Print every record below exactly as it stands, but leave out the pictures.

### Data for this task
⁂
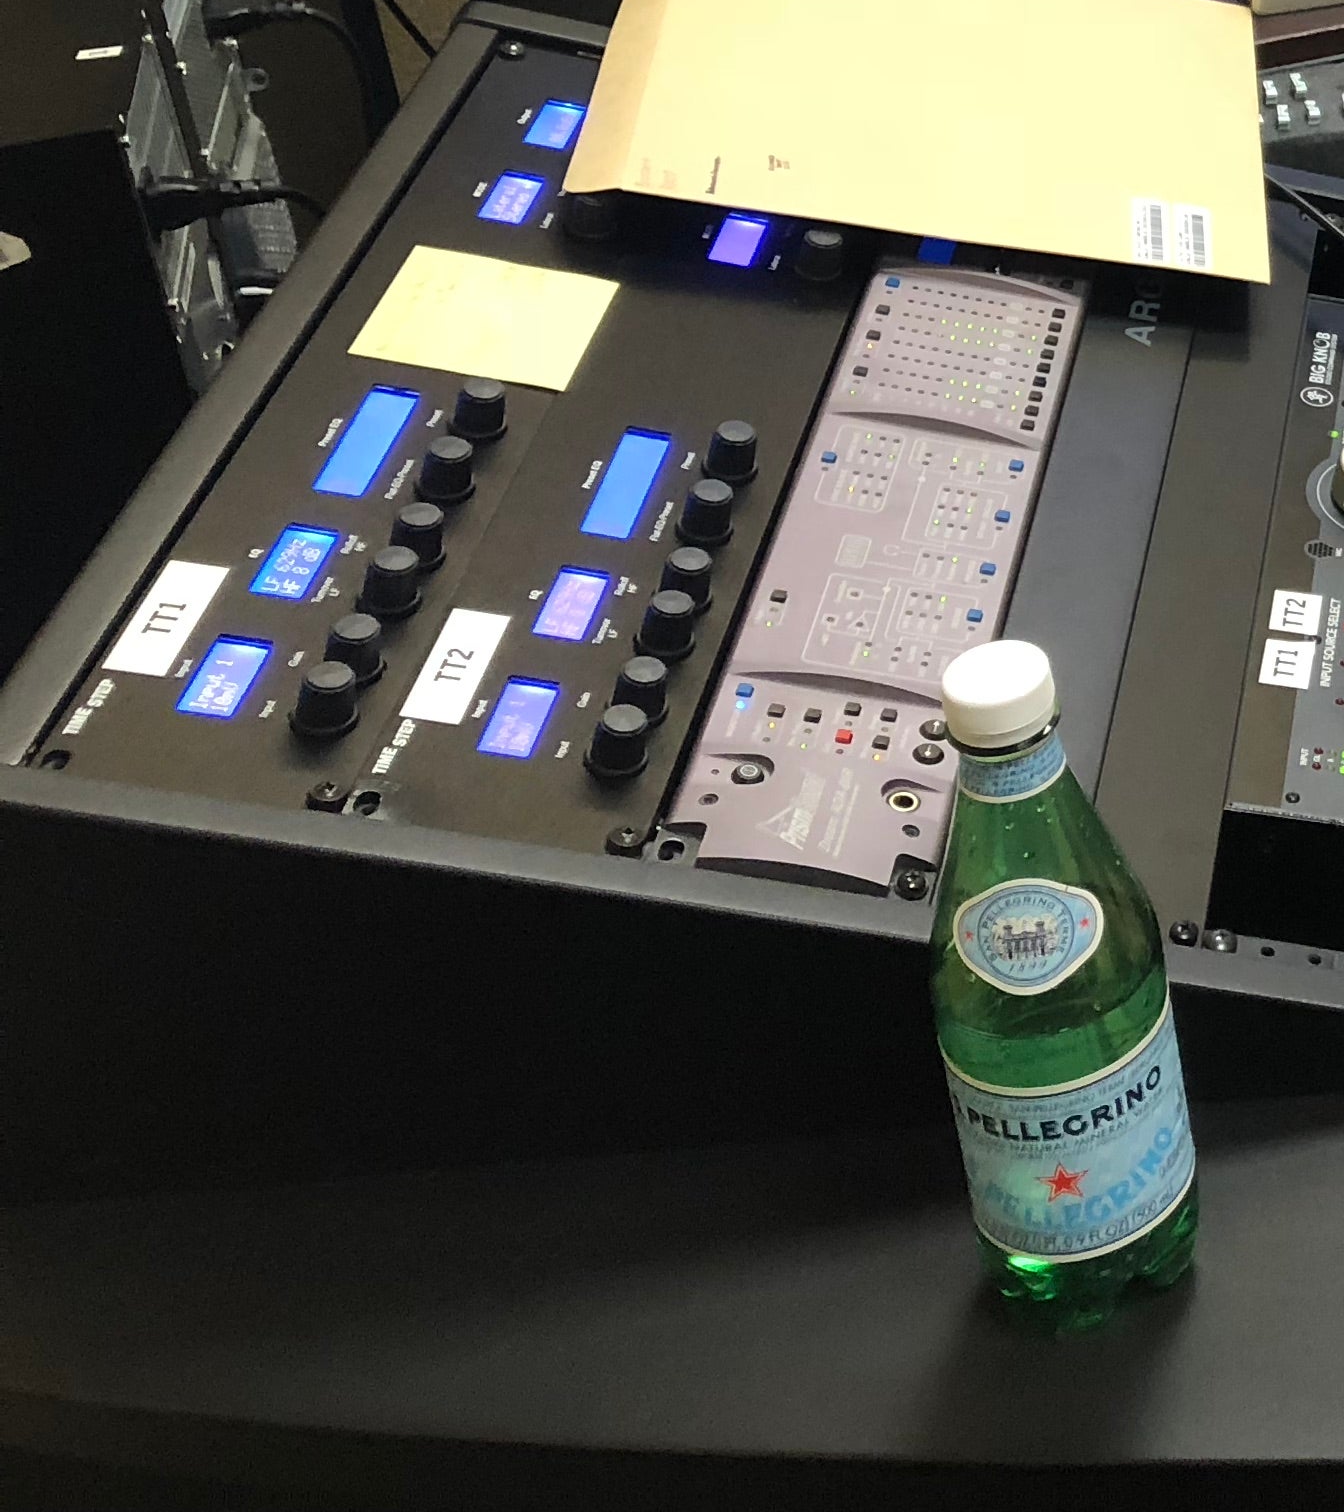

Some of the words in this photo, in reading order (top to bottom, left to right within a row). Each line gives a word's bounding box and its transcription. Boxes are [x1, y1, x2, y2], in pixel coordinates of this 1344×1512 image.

[1312, 331, 1332, 365] KNOB
[1308, 363, 1326, 384] BIG
[261, 575, 280, 592] LF
[280, 578, 301, 595] HF
[141, 603, 187, 634] TT1
[1282, 598, 1307, 627] TT2
[1327, 597, 1342, 629] SELECT
[1322, 628, 1338, 662] SOURCE
[434, 648, 475, 681] TT2
[1273, 649, 1299, 677] TT1
[1319, 661, 1333, 688] INPUT
[61, 706, 94, 735] TIME
[86, 678, 116, 708] STEP
[188, 673, 226, 709] Input
[371, 745, 398, 774] TIME
[392, 718, 417, 748] STEP
[981, 896, 1056, 930] PELLEGRINO
[1056, 910, 1070, 954] TERME
[982, 938, 998, 963] SAN
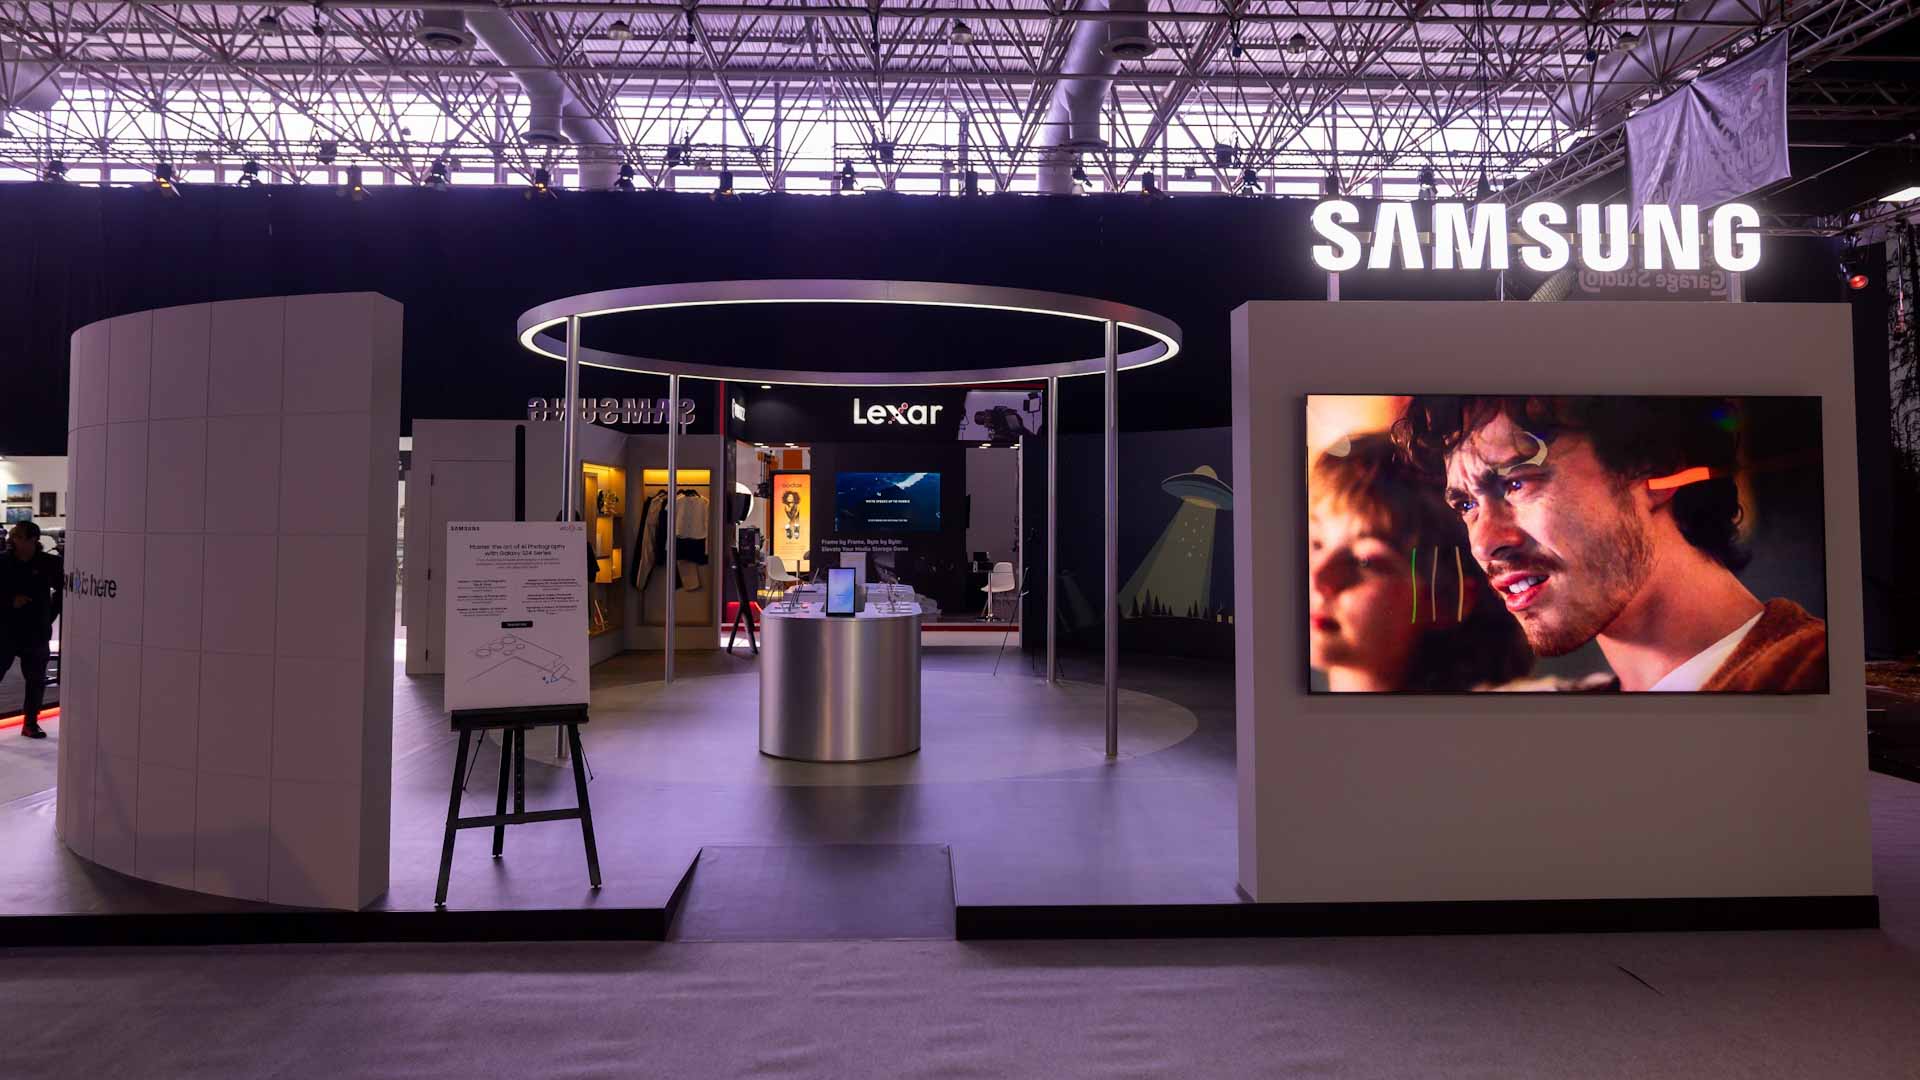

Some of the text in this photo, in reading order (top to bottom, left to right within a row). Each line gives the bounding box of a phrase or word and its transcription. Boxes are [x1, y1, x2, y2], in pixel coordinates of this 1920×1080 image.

[1311, 200, 1761, 272] SAMSUNG
[853, 398, 943, 425] Lexar
[90, 574, 117, 598] here
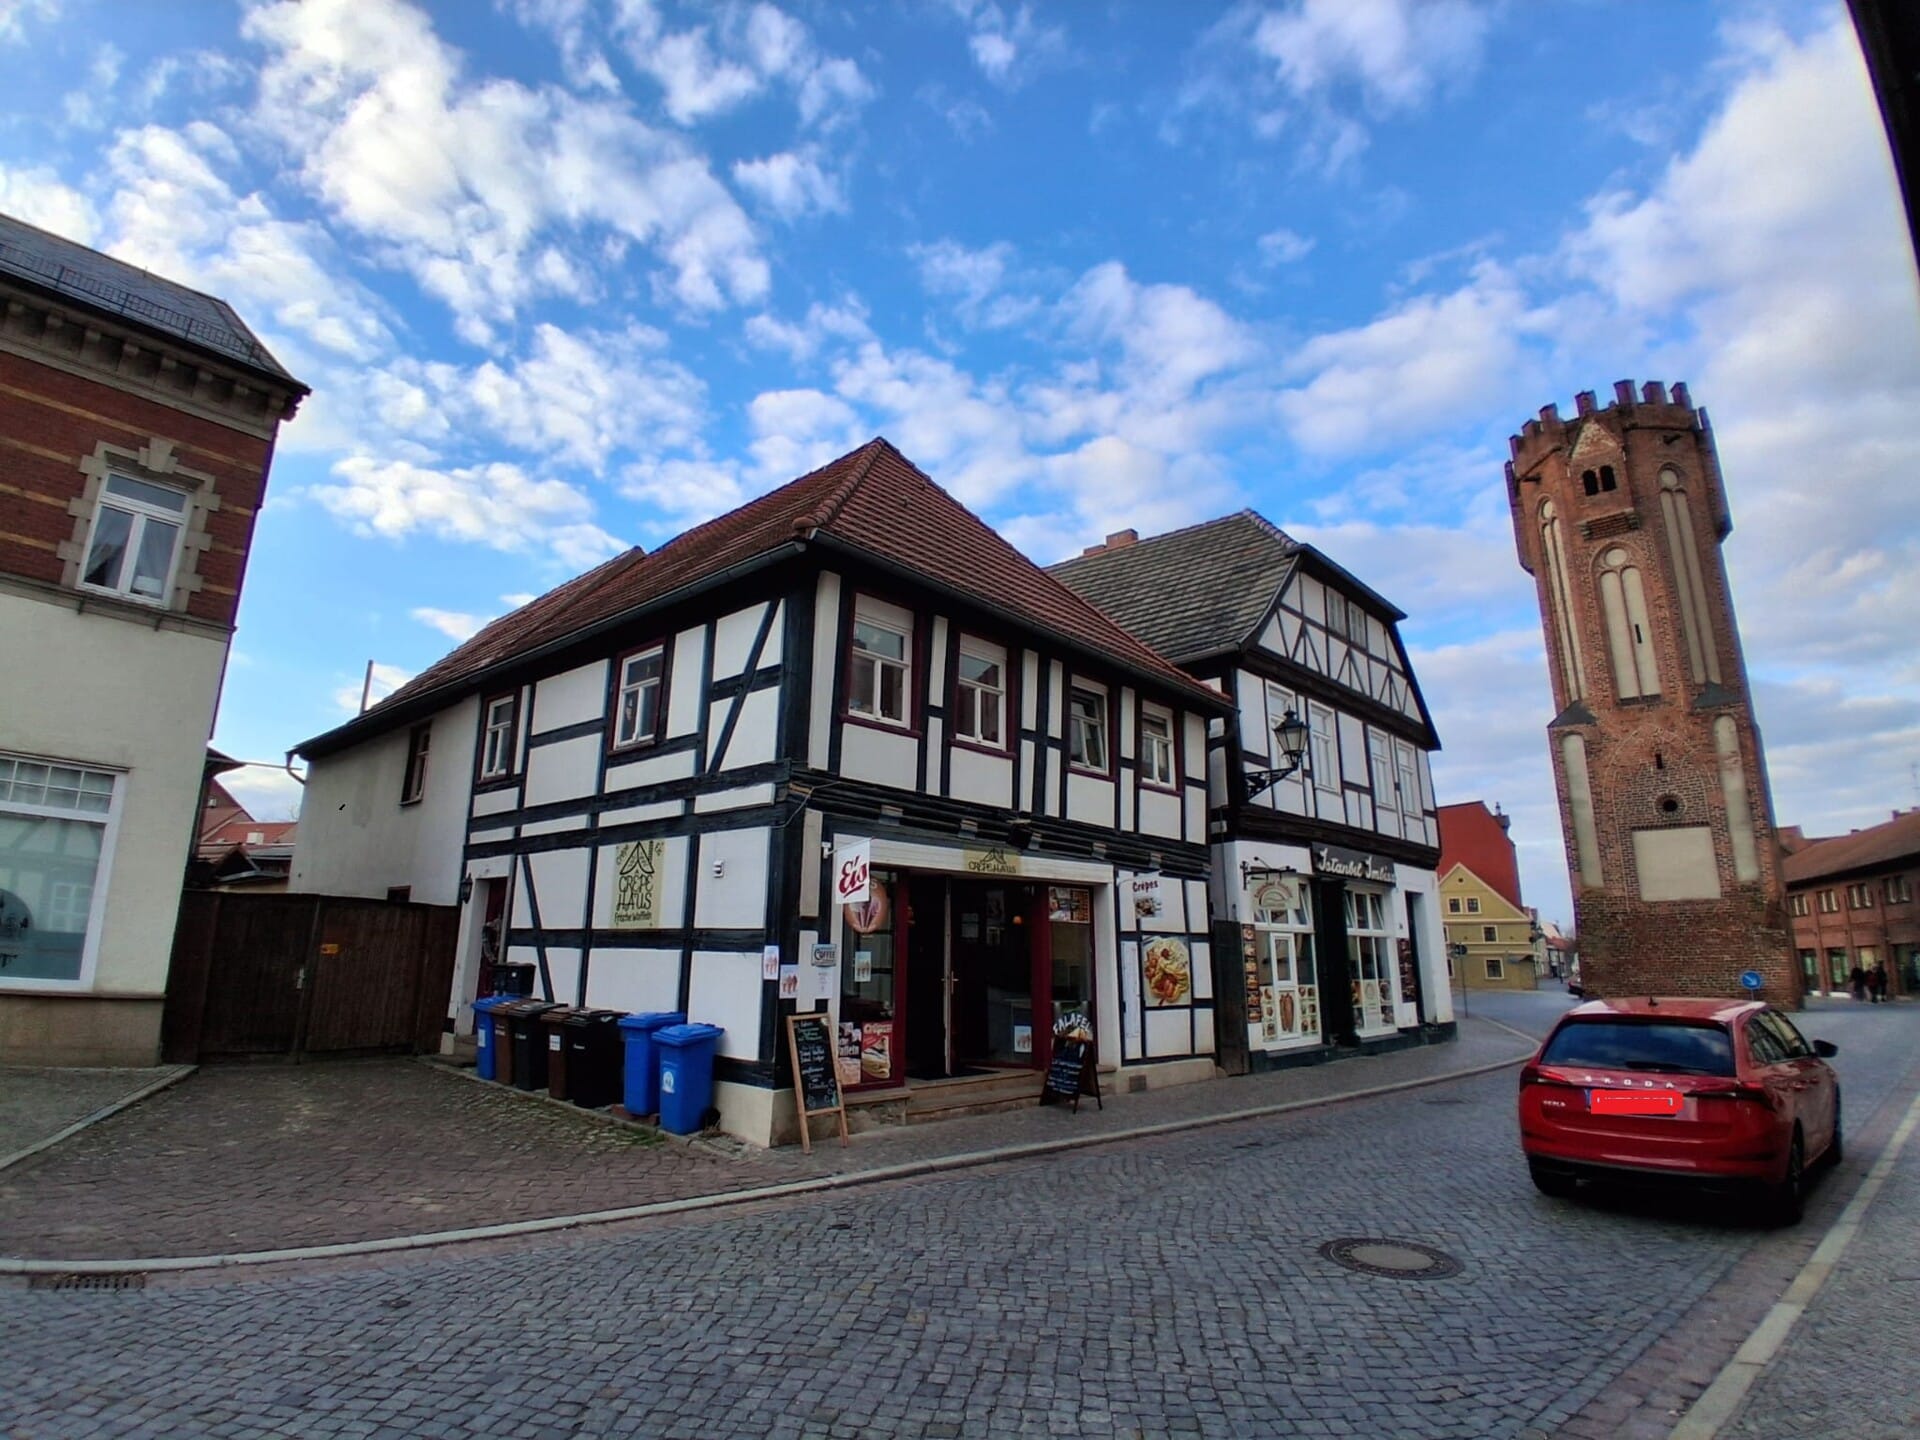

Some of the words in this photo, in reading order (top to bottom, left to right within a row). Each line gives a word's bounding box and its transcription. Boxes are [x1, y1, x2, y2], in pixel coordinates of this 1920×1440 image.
⁂
### The answer
Some of the words in this photo, in reading order (top to bottom, left to right within a row). Each line gives a word's bounding box and its transcription. Boxes are [x1, y1, x2, y2], in pixel coordinates of this 1344×1512 image.

[1312, 331, 1332, 365] KNOB
[1308, 363, 1326, 384] BIG
[261, 575, 280, 592] LF
[280, 578, 301, 595] HF
[141, 603, 187, 634] TT1
[1282, 598, 1307, 627] TT2
[1327, 597, 1342, 629] SELECT
[1322, 628, 1338, 662] SOURCE
[434, 648, 475, 681] TT2
[1273, 649, 1299, 677] TT1
[1319, 661, 1333, 688] INPUT
[61, 706, 94, 735] TIME
[86, 678, 116, 708] STEP
[188, 673, 226, 709] Input
[371, 745, 398, 774] TIME
[392, 718, 417, 748] STEP
[981, 896, 1056, 930] PELLEGRINO
[1056, 910, 1070, 954] TERME
[982, 938, 998, 963] SAN

Some of the text in this photo, in reading order (top to bottom, left to right within a row). Each line gives the bounding box of a phrase or word and its transcription. Boxes are [x1, y1, x2, y2], in pixel coordinates of this 1920×1080 image.

[1311, 200, 1761, 272] SAMSUNG
[853, 398, 943, 425] Lexar
[90, 574, 117, 598] here

Some of the words in this photo, in reading order (top to bottom, left to right within a row). Each line gives a word's bounding box and its transcription. Boxes are [x1, y1, x2, y2], in pixel coordinates of this 1920×1440 image.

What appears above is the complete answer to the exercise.